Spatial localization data
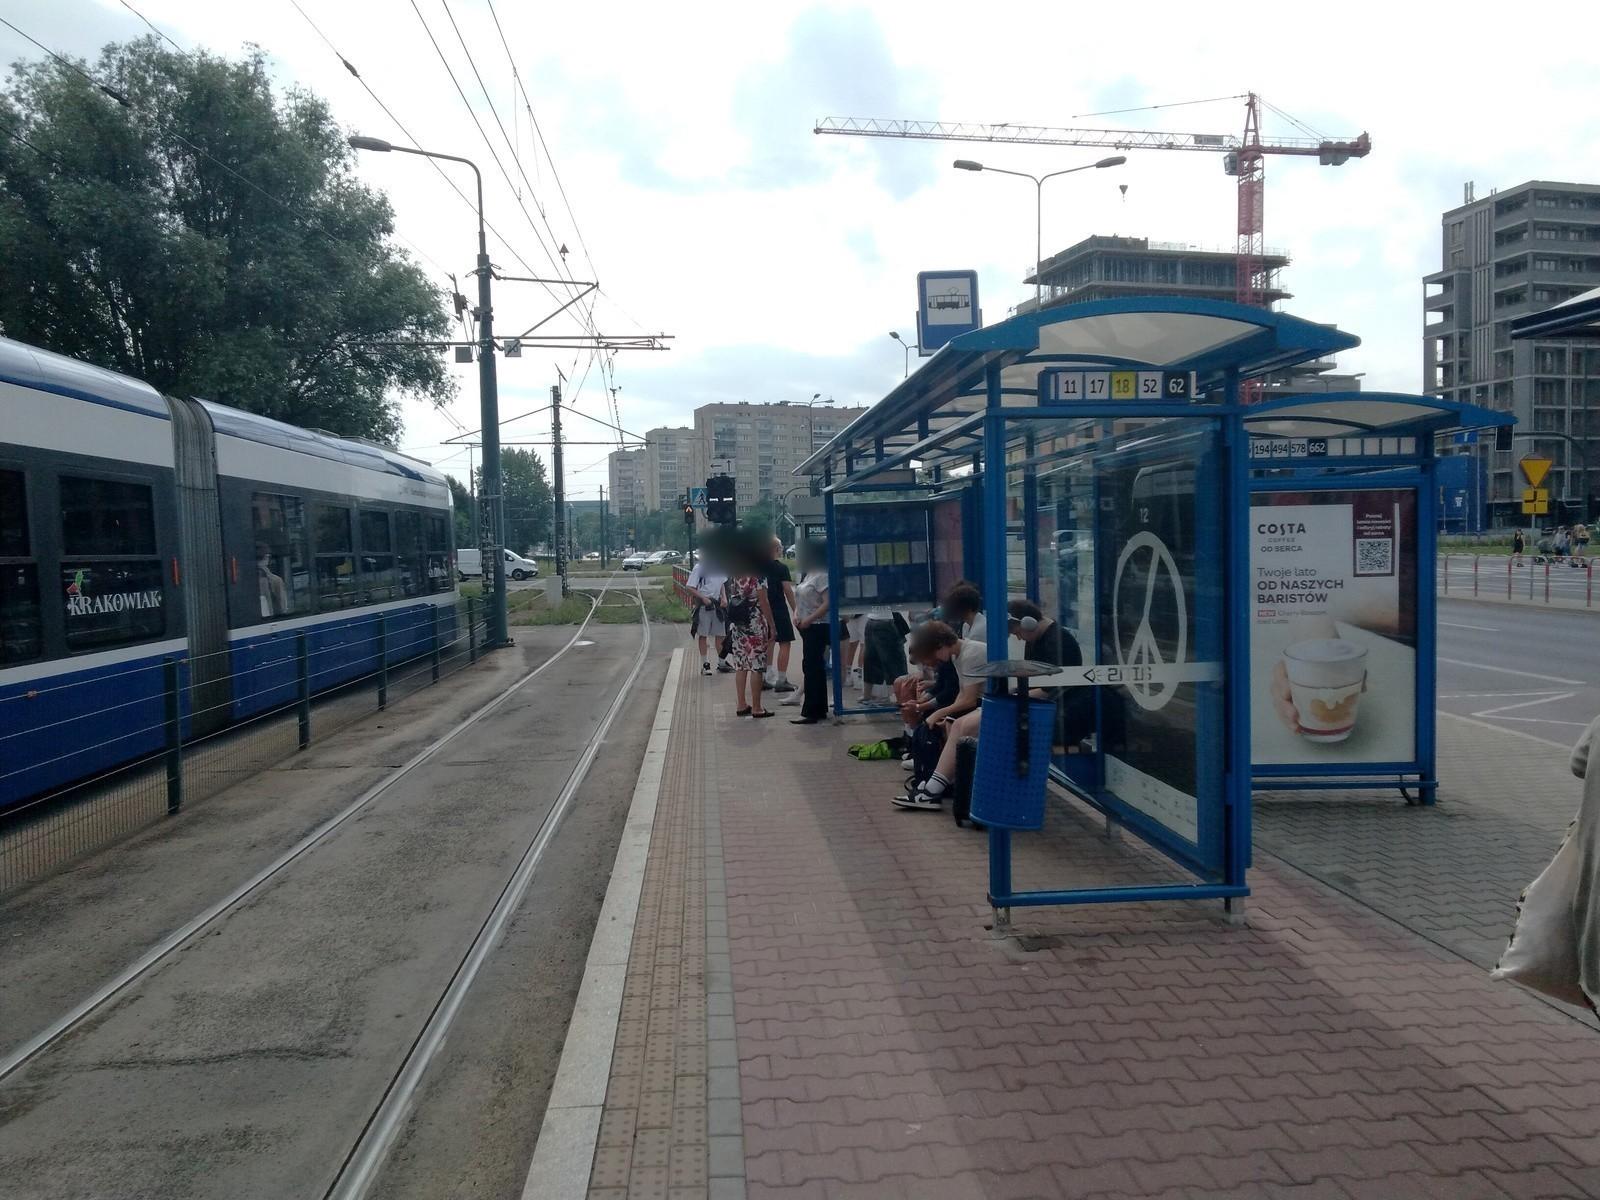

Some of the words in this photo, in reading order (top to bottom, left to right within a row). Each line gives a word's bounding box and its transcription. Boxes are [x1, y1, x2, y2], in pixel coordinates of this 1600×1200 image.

[1063, 379, 1077, 394] 11
[1090, 379, 1105, 394] 17
[1115, 379, 1130, 394] 18
[1143, 378, 1157, 393] 52
[1169, 378, 1184, 393] 62
[1254, 444, 1270, 455] 194
[1271, 443, 1288, 454] 494
[1291, 443, 1306, 454] 578
[1257, 523, 1306, 535] COSTA
[1274, 545, 1303, 553] SERCA
[1256, 567, 1292, 579] Twoje
[1294, 566, 1317, 577] lato
[1257, 580, 1278, 591] OD
[1280, 579, 1344, 590] NASZYCH
[69, 590, 161, 616] KRAKOWIAK
[1257, 590, 1328, 604] BARISTÓW

- About this task: The output must be every line of the records, printed exactly, with the pictures omitted.

- Answer to the exercise:
Some of the words in this photo, in reading order (top to bottom, left to right within a row). Each line gives a word's bounding box and its transcription. Boxes are [x1, y1, x2, y2], in pixel coordinates of this 1600×1200 image.

[1063, 379, 1077, 394] 11
[1090, 379, 1105, 394] 17
[1115, 379, 1130, 394] 18
[1143, 378, 1157, 393] 52
[1169, 378, 1184, 393] 62
[1254, 444, 1270, 455] 194
[1271, 443, 1288, 454] 494
[1291, 443, 1306, 454] 578
[1257, 523, 1306, 535] COSTA
[1274, 545, 1303, 553] SERCA
[1256, 567, 1292, 579] Twoje
[1294, 566, 1317, 577] lato
[1257, 580, 1278, 591] OD
[1280, 579, 1344, 590] NASZYCH
[69, 590, 161, 616] KRAKOWIAK
[1257, 590, 1328, 604] BARISTÓW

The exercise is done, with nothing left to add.